Records from a data collection
□ □ □ □

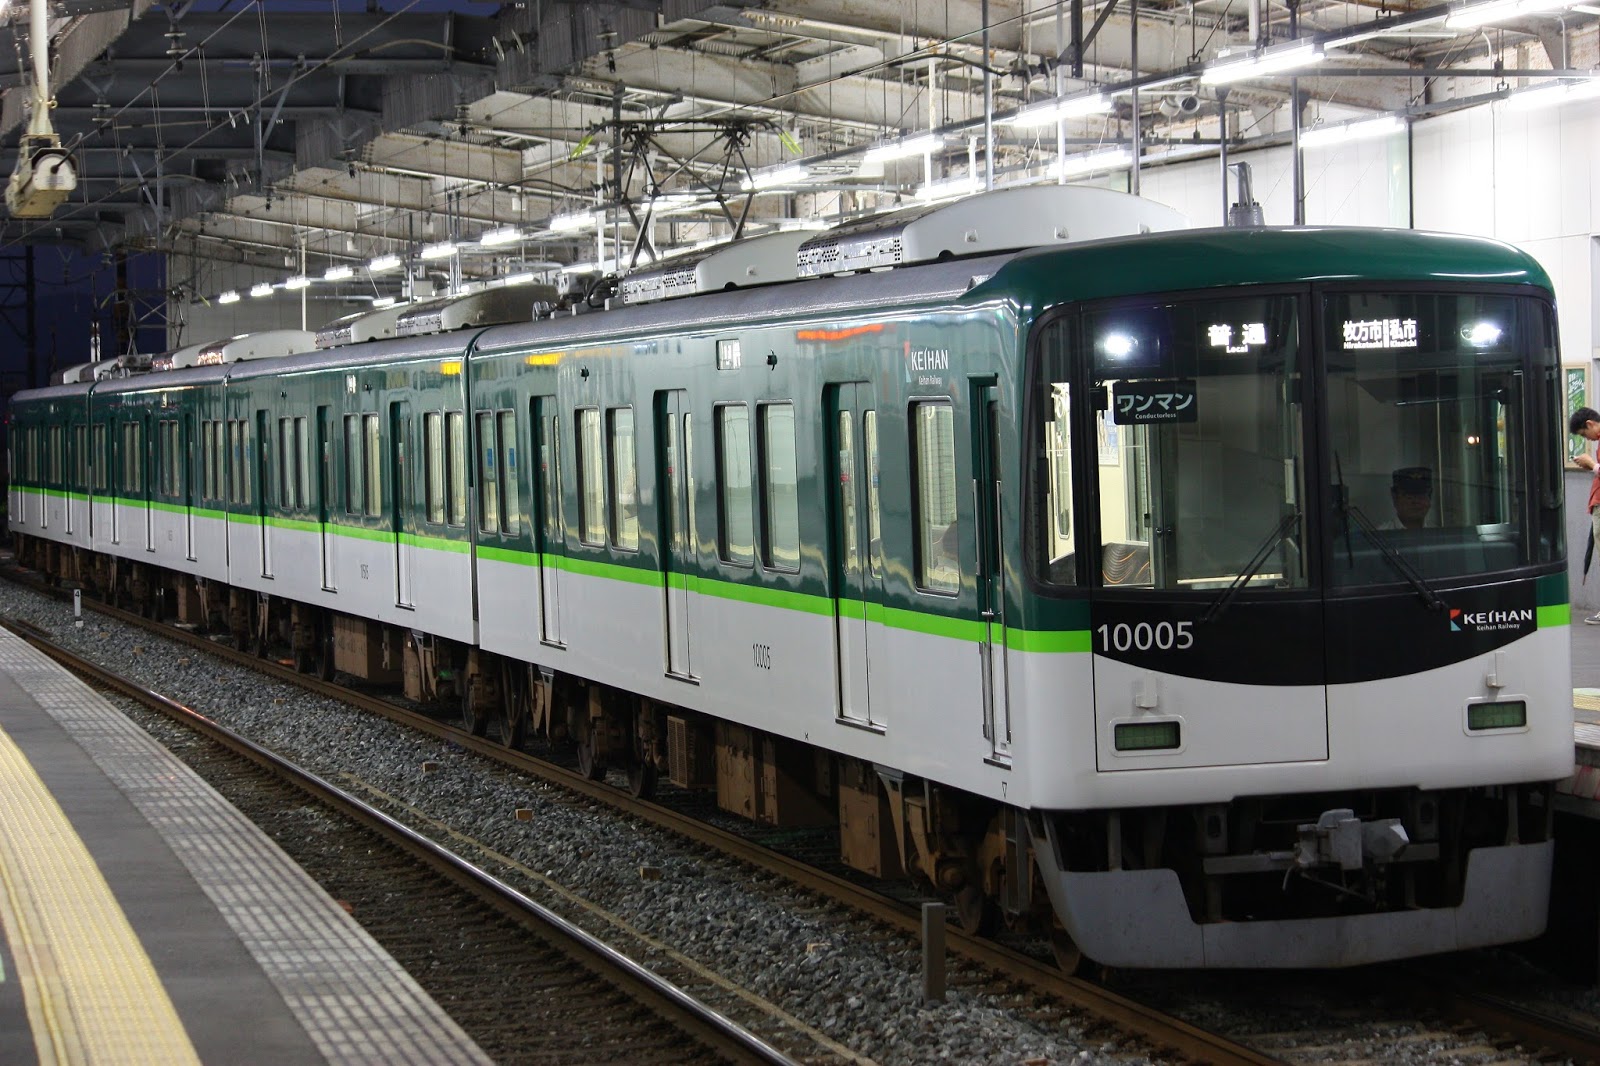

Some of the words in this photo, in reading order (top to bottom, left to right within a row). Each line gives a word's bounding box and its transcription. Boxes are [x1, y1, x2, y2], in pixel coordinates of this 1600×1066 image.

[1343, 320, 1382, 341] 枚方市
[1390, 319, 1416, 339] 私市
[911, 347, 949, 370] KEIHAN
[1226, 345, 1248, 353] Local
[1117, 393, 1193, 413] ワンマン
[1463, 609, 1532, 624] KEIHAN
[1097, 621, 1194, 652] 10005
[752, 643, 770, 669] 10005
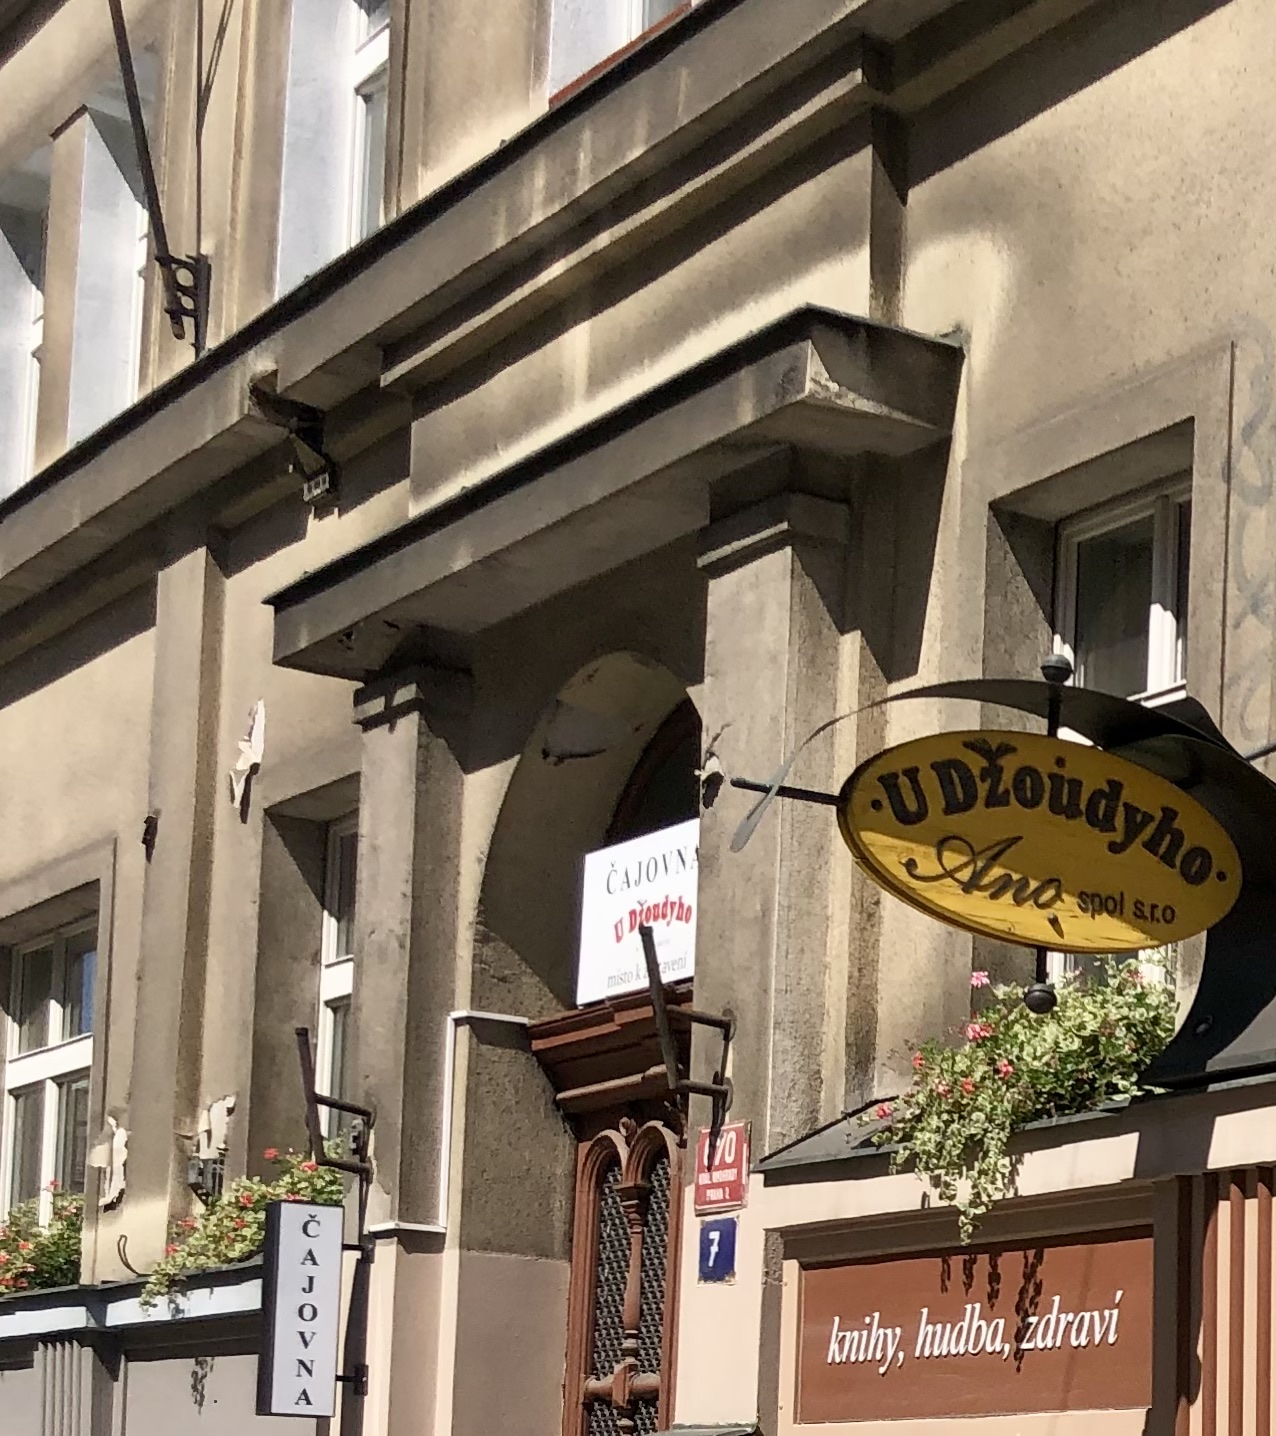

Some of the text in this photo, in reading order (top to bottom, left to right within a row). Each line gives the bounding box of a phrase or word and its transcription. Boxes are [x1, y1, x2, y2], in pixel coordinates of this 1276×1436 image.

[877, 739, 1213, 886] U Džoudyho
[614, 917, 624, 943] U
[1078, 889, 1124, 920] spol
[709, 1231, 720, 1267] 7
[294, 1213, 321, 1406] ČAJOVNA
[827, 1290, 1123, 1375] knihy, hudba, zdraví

□ □ □ □

## What you need to do:
The expected result is an exact transcription of the lines from the one containing "Some of the text" through the end of the records above; please include both ends.

## Written solution:
Some of the text in this photo, in reading order (top to bottom, left to right within a row). Each line gives the bounding box of a phrase or word and its transcription. Boxes are [x1, y1, x2, y2], in pixel coordinates of this 1276×1436 image.

[877, 739, 1213, 886] U Džoudyho
[614, 917, 624, 943] U
[1078, 889, 1124, 920] spol
[709, 1231, 720, 1267] 7
[294, 1213, 321, 1406] ČAJOVNA
[827, 1290, 1123, 1375] knihy, hudba, zdraví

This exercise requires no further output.